To conclude, a wide range of strategies are currently developed to produce a blue TADF emission. Among the different findings that can constitute a guideline for the molecular design for blue TADF emitters, it can be cited: 1) The interruption of the π-conjugation by introducing an orthogonality between the donor and the acceptor to minimize the coupling between the two parts, 2) the fact to maintain the donor close to the acceptor to prevent a complete isolation of the donor and the acceptor, 3) the extension of the π-conjugated system of the donor and/or acceptor to maximize the oscillator strength and thus to increase the PLQY, 4) a minimization of ∆EST to optimize the rate constant of the reverse intersystem crossing, 5) the elaboration of light emitting materials with lifetimes of the delayed component of luminescence as short as possible to address the excited states annihilation issue, 6) a careful selection of the connectivity introduced between the electron donor/acceptor moieties as exemplified by the difference of the EL performance for materials differing by the substitution (ortho-, meta- and para-position of aromatic rings). The different results and observations reported in this review have clearly evidenced that a great deal of efforts has still to be done to produce a deep blue EL, as evidenced in Figure 21. At present, the bluest emitters reported in the literature, i.e., emitters with CIE x-coordinate below 0.16 and CIE y-coordinate below 0.10 only four are known: D3 (0.15, 0.07) [29], reported in 2012, T22 and T23 (0.15, 0.10) [45], reported in 2017, and finally CN-P8 (0.16, 0.06) [59], reported in 2016. D3, T22 and T23 are all based on carbazole, but carbazole is certainly not the best candidate for the design of highly stable deep blue emitter because of the photo-assisted electrochemical degradation processes it can initiate.

[1860-5397-14-18-21]

Figure 21: Distribution of the CIE coordinates of ca. 90 blue TADF emitters listed in this review.
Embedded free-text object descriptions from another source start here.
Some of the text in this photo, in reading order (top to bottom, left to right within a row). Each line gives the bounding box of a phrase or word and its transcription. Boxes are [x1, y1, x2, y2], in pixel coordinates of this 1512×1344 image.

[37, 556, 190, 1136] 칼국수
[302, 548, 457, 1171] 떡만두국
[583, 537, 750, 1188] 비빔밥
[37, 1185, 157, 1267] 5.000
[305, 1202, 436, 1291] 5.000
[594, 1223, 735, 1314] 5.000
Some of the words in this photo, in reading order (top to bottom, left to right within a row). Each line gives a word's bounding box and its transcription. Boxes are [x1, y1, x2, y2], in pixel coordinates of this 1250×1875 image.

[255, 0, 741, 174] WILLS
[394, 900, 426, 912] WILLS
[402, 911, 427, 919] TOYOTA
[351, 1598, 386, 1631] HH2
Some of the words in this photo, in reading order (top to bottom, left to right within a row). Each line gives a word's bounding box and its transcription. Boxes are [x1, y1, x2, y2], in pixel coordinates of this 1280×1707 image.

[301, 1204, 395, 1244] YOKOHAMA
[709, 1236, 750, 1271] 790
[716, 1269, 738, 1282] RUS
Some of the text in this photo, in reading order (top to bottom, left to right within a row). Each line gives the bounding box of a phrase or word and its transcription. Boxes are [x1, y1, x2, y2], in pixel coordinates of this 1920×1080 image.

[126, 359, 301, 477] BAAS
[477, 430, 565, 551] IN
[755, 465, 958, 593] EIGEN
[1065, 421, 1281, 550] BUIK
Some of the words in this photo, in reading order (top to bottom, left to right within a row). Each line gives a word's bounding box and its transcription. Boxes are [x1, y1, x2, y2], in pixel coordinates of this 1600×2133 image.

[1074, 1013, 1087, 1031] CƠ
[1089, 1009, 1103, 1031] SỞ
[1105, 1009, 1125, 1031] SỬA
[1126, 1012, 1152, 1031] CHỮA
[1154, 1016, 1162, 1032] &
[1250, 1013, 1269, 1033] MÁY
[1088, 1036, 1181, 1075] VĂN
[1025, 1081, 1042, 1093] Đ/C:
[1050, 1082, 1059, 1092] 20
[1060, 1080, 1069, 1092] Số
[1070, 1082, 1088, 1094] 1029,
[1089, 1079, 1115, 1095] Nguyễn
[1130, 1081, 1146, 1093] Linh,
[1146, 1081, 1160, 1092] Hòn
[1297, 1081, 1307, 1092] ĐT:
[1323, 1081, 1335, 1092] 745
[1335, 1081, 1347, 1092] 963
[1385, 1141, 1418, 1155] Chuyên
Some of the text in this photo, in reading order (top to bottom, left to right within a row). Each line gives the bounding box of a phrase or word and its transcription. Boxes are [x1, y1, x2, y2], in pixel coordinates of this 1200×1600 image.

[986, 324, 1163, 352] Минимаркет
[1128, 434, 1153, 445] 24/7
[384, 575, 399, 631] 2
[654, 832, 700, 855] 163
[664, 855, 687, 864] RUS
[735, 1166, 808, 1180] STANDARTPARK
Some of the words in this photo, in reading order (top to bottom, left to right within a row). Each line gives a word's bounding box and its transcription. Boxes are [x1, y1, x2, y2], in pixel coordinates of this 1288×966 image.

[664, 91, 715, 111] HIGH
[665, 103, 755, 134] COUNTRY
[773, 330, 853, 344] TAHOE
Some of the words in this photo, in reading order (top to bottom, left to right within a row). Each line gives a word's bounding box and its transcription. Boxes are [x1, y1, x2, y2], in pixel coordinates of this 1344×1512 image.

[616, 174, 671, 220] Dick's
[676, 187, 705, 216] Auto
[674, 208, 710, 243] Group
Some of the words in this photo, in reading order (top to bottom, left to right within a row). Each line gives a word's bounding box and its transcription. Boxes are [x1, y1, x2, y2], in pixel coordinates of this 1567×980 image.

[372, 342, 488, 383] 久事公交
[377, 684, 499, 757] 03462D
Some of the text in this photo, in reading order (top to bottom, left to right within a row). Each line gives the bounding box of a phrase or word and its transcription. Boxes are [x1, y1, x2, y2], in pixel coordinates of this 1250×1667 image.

Since 2016, a great deal of efforts has been done to investigate new structures issued from communities other than Organic Electronics and electron donors such as phenoxaphosphine oxide or phenoxathiin dioxide and electron acceptors such as α- and δ-carbolines that have historically been used for the design of biologically active molecules are now commonly used during the elaboration of light emitting materials. Blue and stable emitters that will be developed in the future will certainly comprise such unprecedented moieties. Recently, another aspect of crucial importance to increase the EL performance concerns the molecular alignment of the emitter molecules in OLEDs as this can have an important effect on the outcoupling efficiency; this point warrants more systematic investigations in the future.